- [What is being asked]: Each entry shown below is to be reproduced exactly.

(Free-text object descriptions)
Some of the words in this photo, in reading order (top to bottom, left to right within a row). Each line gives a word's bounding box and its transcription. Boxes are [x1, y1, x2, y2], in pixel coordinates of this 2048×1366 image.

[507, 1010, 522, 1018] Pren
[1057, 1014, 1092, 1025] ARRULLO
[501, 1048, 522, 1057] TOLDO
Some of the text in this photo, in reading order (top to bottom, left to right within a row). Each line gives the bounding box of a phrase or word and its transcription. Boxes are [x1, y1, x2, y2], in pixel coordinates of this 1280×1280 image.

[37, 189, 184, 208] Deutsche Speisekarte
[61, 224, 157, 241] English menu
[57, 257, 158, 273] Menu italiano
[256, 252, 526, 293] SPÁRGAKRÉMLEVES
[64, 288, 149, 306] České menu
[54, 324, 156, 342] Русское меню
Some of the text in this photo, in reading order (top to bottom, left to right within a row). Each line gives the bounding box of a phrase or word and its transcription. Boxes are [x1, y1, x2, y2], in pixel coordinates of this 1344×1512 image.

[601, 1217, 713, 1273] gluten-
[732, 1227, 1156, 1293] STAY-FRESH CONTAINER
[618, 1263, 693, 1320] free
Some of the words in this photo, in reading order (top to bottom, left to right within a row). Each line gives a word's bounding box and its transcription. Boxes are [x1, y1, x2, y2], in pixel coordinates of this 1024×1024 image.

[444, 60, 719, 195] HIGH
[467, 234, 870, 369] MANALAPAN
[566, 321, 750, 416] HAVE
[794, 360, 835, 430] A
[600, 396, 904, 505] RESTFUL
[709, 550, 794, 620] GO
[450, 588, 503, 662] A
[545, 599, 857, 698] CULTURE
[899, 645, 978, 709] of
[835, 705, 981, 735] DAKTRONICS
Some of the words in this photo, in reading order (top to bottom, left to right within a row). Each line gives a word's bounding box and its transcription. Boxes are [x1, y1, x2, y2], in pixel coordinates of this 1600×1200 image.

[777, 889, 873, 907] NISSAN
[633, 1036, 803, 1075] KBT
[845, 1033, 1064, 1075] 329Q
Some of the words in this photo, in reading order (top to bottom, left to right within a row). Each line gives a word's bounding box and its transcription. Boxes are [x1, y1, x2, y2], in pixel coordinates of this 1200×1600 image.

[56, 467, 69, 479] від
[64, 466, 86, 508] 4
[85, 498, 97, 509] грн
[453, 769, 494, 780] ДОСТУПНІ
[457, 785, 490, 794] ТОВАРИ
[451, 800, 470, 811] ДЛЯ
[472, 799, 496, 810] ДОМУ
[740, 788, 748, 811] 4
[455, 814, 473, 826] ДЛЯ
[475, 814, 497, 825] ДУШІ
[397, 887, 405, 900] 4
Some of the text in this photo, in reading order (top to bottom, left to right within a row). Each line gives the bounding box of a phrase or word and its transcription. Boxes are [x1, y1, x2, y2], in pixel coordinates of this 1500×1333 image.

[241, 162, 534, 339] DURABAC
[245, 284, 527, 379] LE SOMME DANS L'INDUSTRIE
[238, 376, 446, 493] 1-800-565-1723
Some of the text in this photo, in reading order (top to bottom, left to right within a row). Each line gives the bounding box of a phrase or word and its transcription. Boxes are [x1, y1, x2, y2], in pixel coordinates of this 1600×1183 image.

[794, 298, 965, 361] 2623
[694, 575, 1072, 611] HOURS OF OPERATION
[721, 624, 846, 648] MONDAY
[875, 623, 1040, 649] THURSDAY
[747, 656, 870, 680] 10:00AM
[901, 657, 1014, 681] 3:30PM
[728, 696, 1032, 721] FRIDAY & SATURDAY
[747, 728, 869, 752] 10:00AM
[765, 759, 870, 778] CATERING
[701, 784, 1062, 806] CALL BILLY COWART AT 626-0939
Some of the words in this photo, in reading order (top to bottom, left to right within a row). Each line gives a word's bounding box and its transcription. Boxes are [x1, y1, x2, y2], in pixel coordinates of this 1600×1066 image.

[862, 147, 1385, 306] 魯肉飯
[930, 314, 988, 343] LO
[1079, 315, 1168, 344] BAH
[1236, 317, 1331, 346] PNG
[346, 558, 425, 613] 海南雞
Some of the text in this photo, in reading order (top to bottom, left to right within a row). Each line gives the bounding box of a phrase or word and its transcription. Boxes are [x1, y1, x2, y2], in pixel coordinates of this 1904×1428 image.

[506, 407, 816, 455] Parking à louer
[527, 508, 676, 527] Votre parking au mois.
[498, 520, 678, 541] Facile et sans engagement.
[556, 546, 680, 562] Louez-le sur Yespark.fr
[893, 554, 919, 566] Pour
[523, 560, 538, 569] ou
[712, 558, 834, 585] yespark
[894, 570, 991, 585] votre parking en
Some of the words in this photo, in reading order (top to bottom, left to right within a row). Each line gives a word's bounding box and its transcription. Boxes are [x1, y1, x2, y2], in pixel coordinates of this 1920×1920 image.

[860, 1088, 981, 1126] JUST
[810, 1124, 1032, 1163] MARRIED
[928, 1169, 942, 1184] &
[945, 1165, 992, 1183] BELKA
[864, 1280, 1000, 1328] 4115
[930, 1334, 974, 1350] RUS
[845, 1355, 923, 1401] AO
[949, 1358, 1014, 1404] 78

- [Result of the task]:
Some of the words in this photo, in reading order (top to bottom, left to right within a row). Each line gives a word's bounding box and its transcription. Boxes are [x1, y1, x2, y2], in pixel coordinates of this 2048×1366 image.

[507, 1010, 522, 1018] Pren
[1057, 1014, 1092, 1025] ARRULLO
[501, 1048, 522, 1057] TOLDO
Some of the text in this photo, in reading order (top to bottom, left to right within a row). Each line gives the bounding box of a phrase or word and its transcription. Boxes are [x1, y1, x2, y2], in pixel coordinates of this 1280×1280 image.

[37, 189, 184, 208] Deutsche Speisekarte
[61, 224, 157, 241] English menu
[57, 257, 158, 273] Menu italiano
[256, 252, 526, 293] SPÁRGAKRÉMLEVES
[64, 288, 149, 306] České menu
[54, 324, 156, 342] Русское меню
Some of the text in this photo, in reading order (top to bottom, left to right within a row). Each line gives the bounding box of a phrase or word and its transcription. Boxes are [x1, y1, x2, y2], in pixel coordinates of this 1344×1512 image.

[601, 1217, 713, 1273] gluten-
[732, 1227, 1156, 1293] STAY-FRESH CONTAINER
[618, 1263, 693, 1320] free
Some of the words in this photo, in reading order (top to bottom, left to right within a row). Each line gives a word's bounding box and its transcription. Boxes are [x1, y1, x2, y2], in pixel coordinates of this 1024×1024 image.

[444, 60, 719, 195] HIGH
[467, 234, 870, 369] MANALAPAN
[566, 321, 750, 416] HAVE
[794, 360, 835, 430] A
[600, 396, 904, 505] RESTFUL
[709, 550, 794, 620] GO
[450, 588, 503, 662] A
[545, 599, 857, 698] CULTURE
[899, 645, 978, 709] of
[835, 705, 981, 735] DAKTRONICS
Some of the words in this photo, in reading order (top to bottom, left to right within a row). Each line gives a word's bounding box and its transcription. Boxes are [x1, y1, x2, y2], in pixel coordinates of this 1600×1200 image.

[777, 889, 873, 907] NISSAN
[633, 1036, 803, 1075] KBT
[845, 1033, 1064, 1075] 329Q
Some of the words in this photo, in reading order (top to bottom, left to right within a row). Each line gives a word's bounding box and its transcription. Boxes are [x1, y1, x2, y2], in pixel coordinates of this 1200×1600 image.

[56, 467, 69, 479] від
[64, 466, 86, 508] 4
[85, 498, 97, 509] грн
[453, 769, 494, 780] ДОСТУПНІ
[457, 785, 490, 794] ТОВАРИ
[451, 800, 470, 811] ДЛЯ
[472, 799, 496, 810] ДОМУ
[740, 788, 748, 811] 4
[455, 814, 473, 826] ДЛЯ
[475, 814, 497, 825] ДУШІ
[397, 887, 405, 900] 4
Some of the text in this photo, in reading order (top to bottom, left to right within a row). Each line gives the bounding box of a phrase or word and its transcription. Boxes are [x1, y1, x2, y2], in pixel coordinates of this 1500×1333 image.

[241, 162, 534, 339] DURABAC
[245, 284, 527, 379] LE SOMME DANS L'INDUSTRIE
[238, 376, 446, 493] 1-800-565-1723
Some of the text in this photo, in reading order (top to bottom, left to right within a row). Each line gives the bounding box of a phrase or word and its transcription. Boxes are [x1, y1, x2, y2], in pixel coordinates of this 1600×1183 image.

[794, 298, 965, 361] 2623
[694, 575, 1072, 611] HOURS OF OPERATION
[721, 624, 846, 648] MONDAY
[875, 623, 1040, 649] THURSDAY
[747, 656, 870, 680] 10:00AM
[901, 657, 1014, 681] 3:30PM
[728, 696, 1032, 721] FRIDAY & SATURDAY
[747, 728, 869, 752] 10:00AM
[765, 759, 870, 778] CATERING
[701, 784, 1062, 806] CALL BILLY COWART AT 626-0939
Some of the words in this photo, in reading order (top to bottom, left to right within a row). Each line gives a word's bounding box and its transcription. Boxes are [x1, y1, x2, y2], in pixel coordinates of this 1600×1066 image.

[862, 147, 1385, 306] 魯肉飯
[930, 314, 988, 343] LO
[1079, 315, 1168, 344] BAH
[1236, 317, 1331, 346] PNG
[346, 558, 425, 613] 海南雞
Some of the text in this photo, in reading order (top to bottom, left to right within a row). Each line gives the bounding box of a phrase or word and its transcription. Boxes are [x1, y1, x2, y2], in pixel coordinates of this 1904×1428 image.

[506, 407, 816, 455] Parking à louer
[527, 508, 676, 527] Votre parking au mois.
[498, 520, 678, 541] Facile et sans engagement.
[556, 546, 680, 562] Louez-le sur Yespark.fr
[893, 554, 919, 566] Pour
[523, 560, 538, 569] ou
[712, 558, 834, 585] yespark
[894, 570, 991, 585] votre parking en
Some of the words in this photo, in reading order (top to bottom, left to right within a row). Each line gives a word's bounding box and its transcription. Boxes are [x1, y1, x2, y2], in pixel coordinates of this 1920×1920 image.

[860, 1088, 981, 1126] JUST
[810, 1124, 1032, 1163] MARRIED
[928, 1169, 942, 1184] &
[945, 1165, 992, 1183] BELKA
[864, 1280, 1000, 1328] 4115
[930, 1334, 974, 1350] RUS
[845, 1355, 923, 1401] AO
[949, 1358, 1014, 1404] 78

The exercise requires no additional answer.